Tuesday, November 20, 2007
Current mood: scared, sad & angry
Well, I guess the time has come to say good-bye to my boobs. I'm having mixed emotions as I write this. I'm scared about the surgery and yet sad at the same time and even angry.
I’m scared because I’m not sure what the future holds….what is it going to be like with fake boobs. What will they look like or feel like? Will I be OK with the scars? What about dating…am I going to meet the man of my dreams and is he going to be OK with my scars and my fake boobs.
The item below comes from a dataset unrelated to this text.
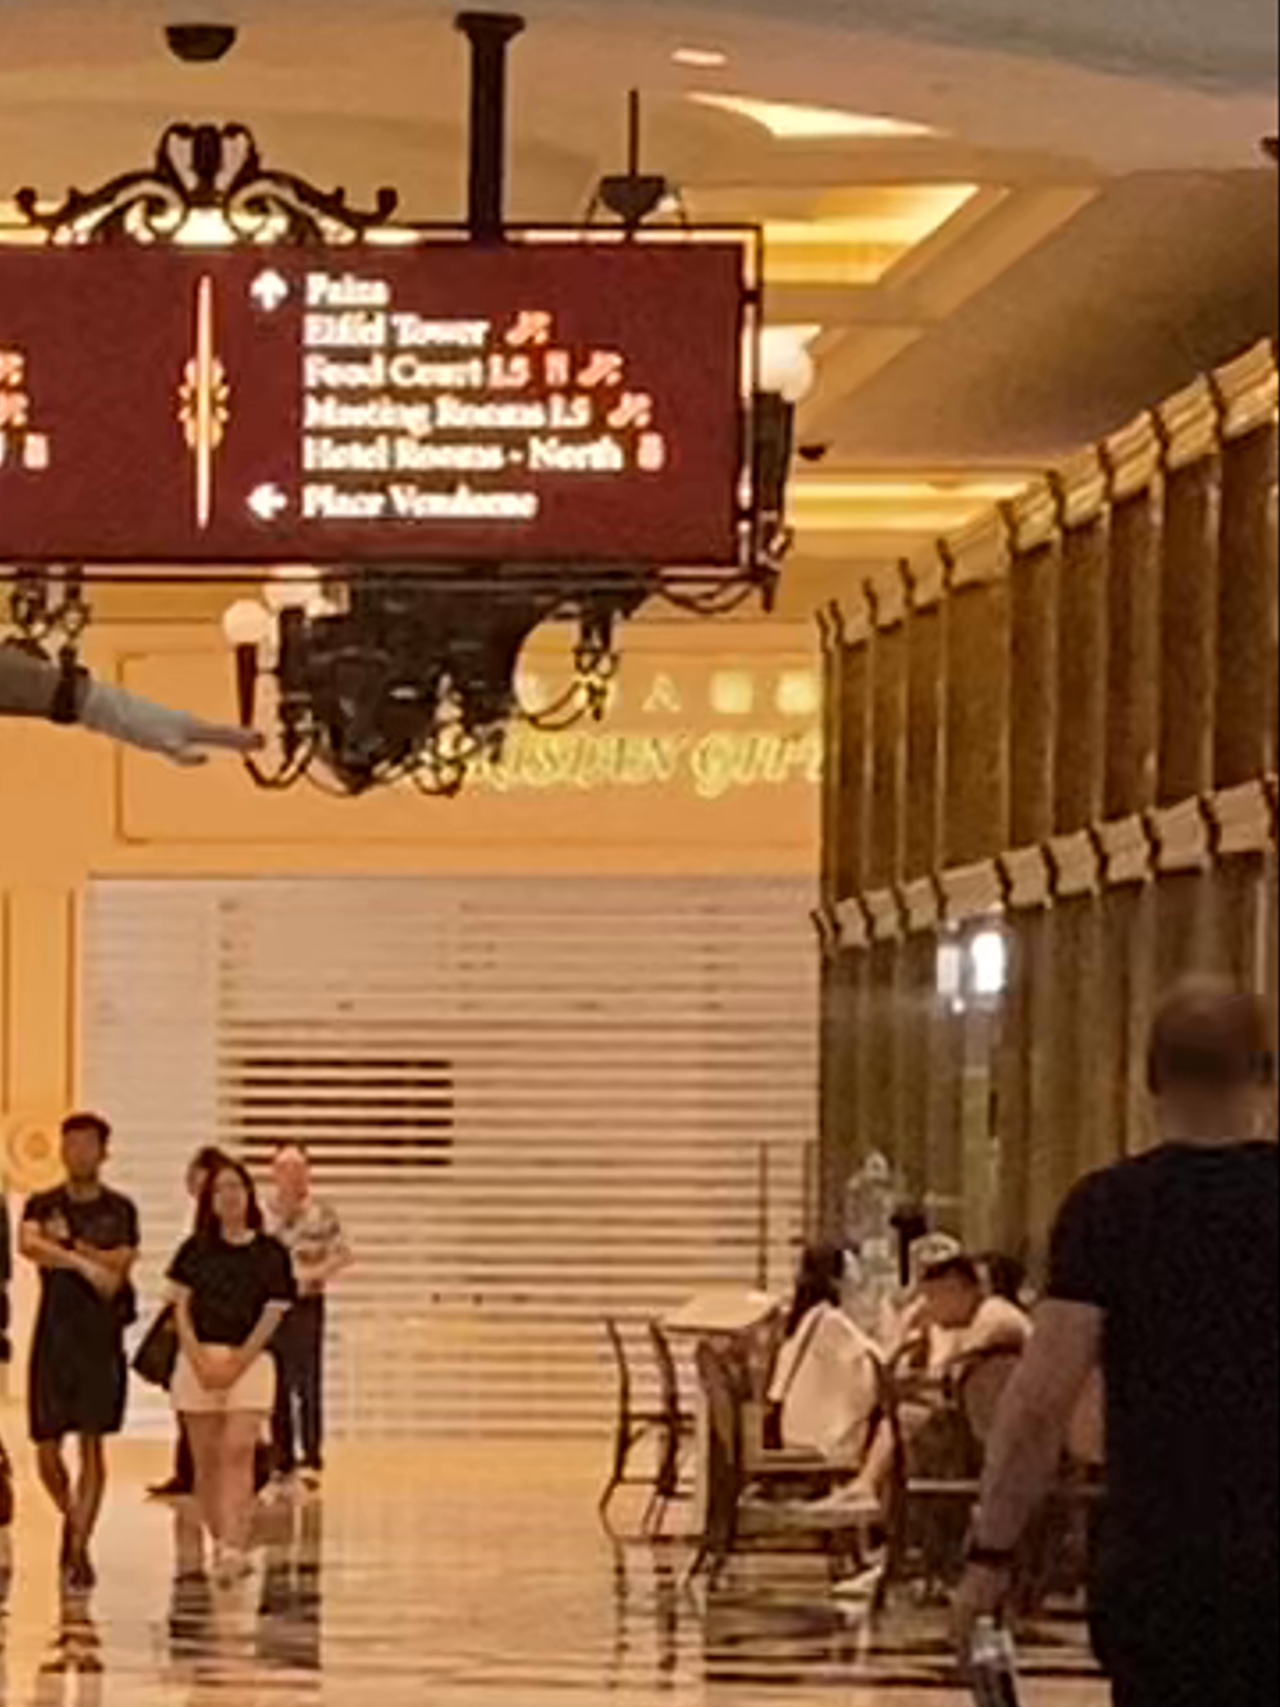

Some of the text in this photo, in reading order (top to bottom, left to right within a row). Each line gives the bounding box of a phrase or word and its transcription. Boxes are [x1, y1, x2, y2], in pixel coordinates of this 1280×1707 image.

I guess if he was the man of my dreams he would have to be OK with it or else he wouldn’t be the one for me….at least that’s what all my friends keep telling me.
I’m sad because here I am going through all this girly stuff and I miss my Mom so much. See my Mom passed away a little over 3 years ago and it still hurts today. Don’t get me wrong I love both my Dad and Step-dad very much but let’s face it having breast cancer and talking about fake boobs and meeting with plastic surgeons would be a better fit with Mom than with Dad. I know my Mom is looking down on me right now and I know she will be with me tomorrow. She will be my angel and will guide me through yet another “crapness” event.
I’m angry because I feel like my boobs have let me down….how dare they get cancer! Maybe it’s my fault. Maybe I didn’t show them enough attention. See I’m not one of those boob girls. I don’t shop at Victoria Secret and get the big fancy push up bras nor have I ever exposed my cleavage. Maybe they felt unwanted. Isn’t it funny how we really want something as soon as someone says we can’t have it anymore?
I promise I will start shopping at Victoria Secret…..just don’t take the boobs!